Cole Porter, eine der wichtigsten Persönlichkeiten des amerikanischen Showgeschäfts und neben Irving Berlin ungekrönter Herrscher des Broadway, wurde am 9. Juni 1891 in Peru, im amerikanischen Bundesstaat Indiana als Sohn eines reichen Plantagenbesitzers und Enkel eines ebenso begüterten Kohlemagnaten geboren. Als Erbe eines Millionenvermögens musste er zunächst Jura studieren, ehe er seiner Liebe zur Musik nachgab und ein entsprechendes Studium in Harvard aufnahm. Vom "Hobby" eines reichen Müßiggängers konnte dabei keine Rede sein. Porter erwies sich in jeder Beziehung als Profi.

Ehe er seine eigentliche Karriere begann, nahm er als Mitglied der französischen Fremdenlegion am 1. Weltkrieg teil. 1919 heiratete er die ebenfalls äußerst reiche Amerikanerin Linda Lee Thomas. Nach anfänglichen Misserfolgen eroberte er 1928 mit dem Musical "Paris" den Broadway. Es folgten die Musical-Erfolge Anything Goes (1934), "Jubilee" (mit dem Hit "Begin the beguine", 1935), "Around the World in Eighty Days" (1946), Kiss me, Kate (1948), Can-Can (1953) und Silk Stockings (Ninotschka) (1955). Viele davon wurden in ihrer Verfilmung geradezu legendär, Can-Can mit Maurice Chevalier, High Society mit Bing Crosby. Silk Stockings verhalf der jungen Hildegard Knef zu ihrem Durchbruch in Amerika.

Mehr als 500 Songs bezeugen über die Vielzahl der Musicals, Shows und Filme hinausgehend die künstlerische Vielseitigkeit und herausragende Produktivität Cole Porters. Nach einem Reitunfall und einer später erforderlichen Beinamputation zog sich der bis dahin immer im gesellschaftlichen Mittelpunkt stehende Komponist aus der Öffentlichkeit zurück. Am 15. Oktober 1964 starb er an den Folgen einer Nierenentzündung.

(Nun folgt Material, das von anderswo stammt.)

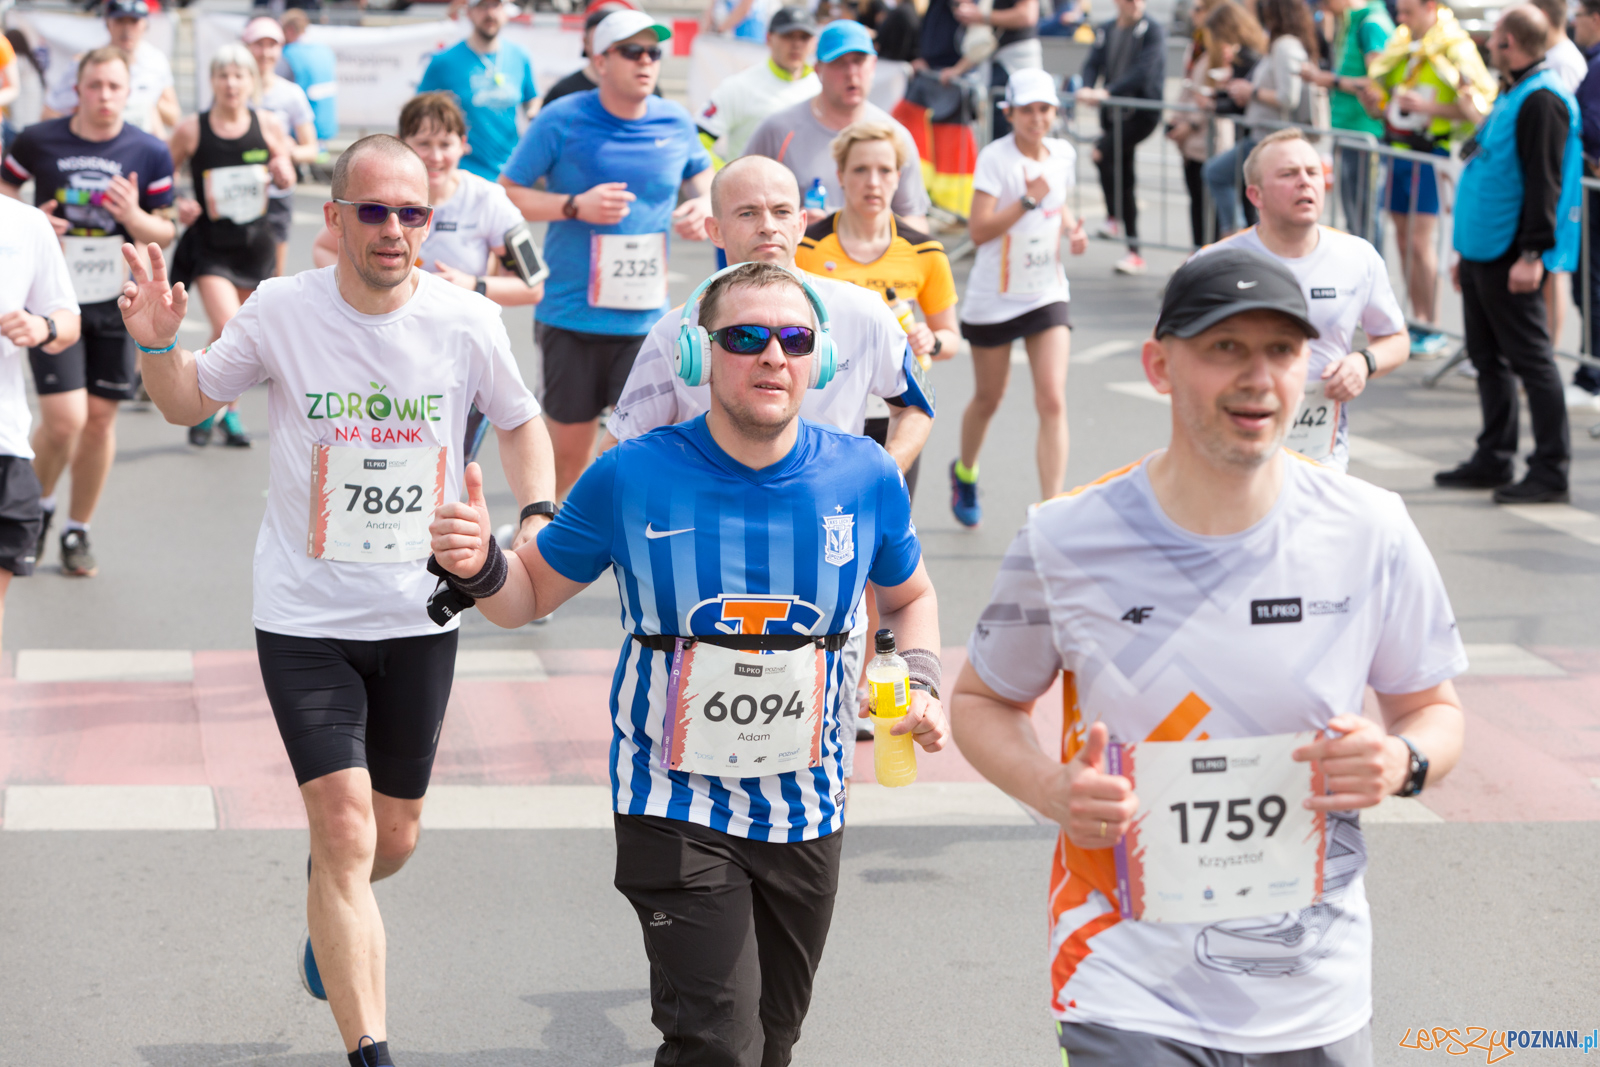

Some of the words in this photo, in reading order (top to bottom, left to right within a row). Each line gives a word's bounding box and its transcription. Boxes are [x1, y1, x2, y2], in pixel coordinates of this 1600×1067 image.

[74, 260, 114, 273] 9991
[613, 258, 657, 277] 2325
[305, 391, 443, 421] ZDROWIE
[335, 426, 362, 442] NA
[371, 427, 423, 443] BANK
[344, 483, 423, 515] 7862
[366, 521, 401, 531] Andrzej
[703, 690, 805, 726] 6094
[737, 732, 770, 742] Adam
[1170, 795, 1287, 844] 1759
[1198, 852, 1264, 868] Krzysztof

Weitere Informationen zu Cole Porter

 

Silk Stockings (Ninotschka)

Das Musical
Buch von George S. Kaufman, Leueen McGrath und Abe Burrows
(nach einer Story von Melchior Lengyel)
Musik und Songtexte von Cole Porter
Deutsch von Joachim Franke
3D, 7H, Nebendarsteller
Orchesterbesetzung: Reed I, II, III, IV, V, Hr, Trp I, II, III, Pos I, II, III, Schl, Hrf, Git, Vl I (A, C), II (B, D), Va, Vc, B; Dixieband (Klar, Trp, Pos, Kl)
UA: 24.02.1955, Imperial Theatre New York
DSE: 05.10.1974, Landestheater Linz

Der russische Komponist Peter Iljitsch Boroff, der durch seine "Ode an den Traktor" berühmt geworden ist, gibt in Paris ein umjubeltes Konzert. Er erliegt den Verlockungen des "goldnen Westens" und macht keine Anstalten, wieder nach Moskau zurückzukehren. So schickt die Moskauer Kulturbehörde drei Beamte nach Paris, um Boroff zurückzuholen. Doch bald hört man auch von diesen Beamten nichts mehr, so dass die junge und absolut linientreue und hübsche Kommissarin Nina Yaschenko, genannt Ninotschka, in die Seinestadt entsandt wird, um die Sache zu regeln.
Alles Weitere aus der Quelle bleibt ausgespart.